*** Opening of Supplied records ***

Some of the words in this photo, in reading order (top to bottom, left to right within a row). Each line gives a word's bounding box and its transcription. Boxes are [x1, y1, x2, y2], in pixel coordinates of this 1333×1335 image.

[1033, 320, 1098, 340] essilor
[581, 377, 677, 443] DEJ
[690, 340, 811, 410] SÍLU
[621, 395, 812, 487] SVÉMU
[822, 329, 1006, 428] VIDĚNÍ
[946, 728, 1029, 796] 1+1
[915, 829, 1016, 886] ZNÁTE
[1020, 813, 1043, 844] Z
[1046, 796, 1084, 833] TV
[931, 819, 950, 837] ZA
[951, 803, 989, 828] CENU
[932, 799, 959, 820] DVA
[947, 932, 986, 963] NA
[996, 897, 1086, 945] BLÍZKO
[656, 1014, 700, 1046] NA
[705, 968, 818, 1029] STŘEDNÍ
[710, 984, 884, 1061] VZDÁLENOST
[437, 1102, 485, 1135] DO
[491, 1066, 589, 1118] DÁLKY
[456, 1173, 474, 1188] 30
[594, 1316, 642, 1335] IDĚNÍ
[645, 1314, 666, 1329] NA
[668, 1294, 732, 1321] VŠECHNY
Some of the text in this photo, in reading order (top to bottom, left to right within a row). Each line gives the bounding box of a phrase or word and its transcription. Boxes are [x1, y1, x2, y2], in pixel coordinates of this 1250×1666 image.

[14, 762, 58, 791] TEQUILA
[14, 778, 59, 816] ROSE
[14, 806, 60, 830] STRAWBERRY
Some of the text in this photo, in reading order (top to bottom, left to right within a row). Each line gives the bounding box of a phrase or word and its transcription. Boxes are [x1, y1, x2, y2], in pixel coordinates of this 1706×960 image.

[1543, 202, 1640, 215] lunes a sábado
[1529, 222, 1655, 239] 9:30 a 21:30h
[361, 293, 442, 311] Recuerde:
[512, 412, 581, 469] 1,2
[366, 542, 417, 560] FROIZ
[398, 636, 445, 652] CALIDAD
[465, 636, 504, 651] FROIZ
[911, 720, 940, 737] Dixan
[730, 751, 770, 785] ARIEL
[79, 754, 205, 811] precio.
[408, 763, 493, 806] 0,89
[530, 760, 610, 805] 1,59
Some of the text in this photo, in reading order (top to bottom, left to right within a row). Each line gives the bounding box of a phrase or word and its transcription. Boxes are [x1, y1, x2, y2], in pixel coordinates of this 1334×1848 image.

*** Close of Supplied records ***

**Activity:** What is needed is an exact transcription of every entry above.

**Task result:**
Some of the words in this photo, in reading order (top to bottom, left to right within a row). Each line gives a word's bounding box and its transcription. Boxes are [x1, y1, x2, y2], in pixel coordinates of this 1333×1335 image.

[1033, 320, 1098, 340] essilor
[581, 377, 677, 443] DEJ
[690, 340, 811, 410] SÍLU
[621, 395, 812, 487] SVÉMU
[822, 329, 1006, 428] VIDĚNÍ
[946, 728, 1029, 796] 1+1
[915, 829, 1016, 886] ZNÁTE
[1020, 813, 1043, 844] Z
[1046, 796, 1084, 833] TV
[931, 819, 950, 837] ZA
[951, 803, 989, 828] CENU
[932, 799, 959, 820] DVA
[947, 932, 986, 963] NA
[996, 897, 1086, 945] BLÍZKO
[656, 1014, 700, 1046] NA
[705, 968, 818, 1029] STŘEDNÍ
[710, 984, 884, 1061] VZDÁLENOST
[437, 1102, 485, 1135] DO
[491, 1066, 589, 1118] DÁLKY
[456, 1173, 474, 1188] 30
[594, 1316, 642, 1335] IDĚNÍ
[645, 1314, 666, 1329] NA
[668, 1294, 732, 1321] VŠECHNY
Some of the text in this photo, in reading order (top to bottom, left to right within a row). Each line gives the bounding box of a phrase or word and its transcription. Boxes are [x1, y1, x2, y2], in pixel coordinates of this 1250×1666 image.

[14, 762, 58, 791] TEQUILA
[14, 778, 59, 816] ROSE
[14, 806, 60, 830] STRAWBERRY
Some of the text in this photo, in reading order (top to bottom, left to right within a row). Each line gives the bounding box of a phrase or word and its transcription. Boxes are [x1, y1, x2, y2], in pixel coordinates of this 1706×960 image.

[1543, 202, 1640, 215] lunes a sábado
[1529, 222, 1655, 239] 9:30 a 21:30h
[361, 293, 442, 311] Recuerde:
[512, 412, 581, 469] 1,2
[366, 542, 417, 560] FROIZ
[398, 636, 445, 652] CALIDAD
[465, 636, 504, 651] FROIZ
[911, 720, 940, 737] Dixan
[730, 751, 770, 785] ARIEL
[79, 754, 205, 811] precio.
[408, 763, 493, 806] 0,89
[530, 760, 610, 805] 1,59
Some of the text in this photo, in reading order (top to bottom, left to right within a row). Each line gives the bounding box of a phrase or word and its transcription. Boxes are [x1, y1, x2, y2], in pixel coordinates of this 1334×1848 image.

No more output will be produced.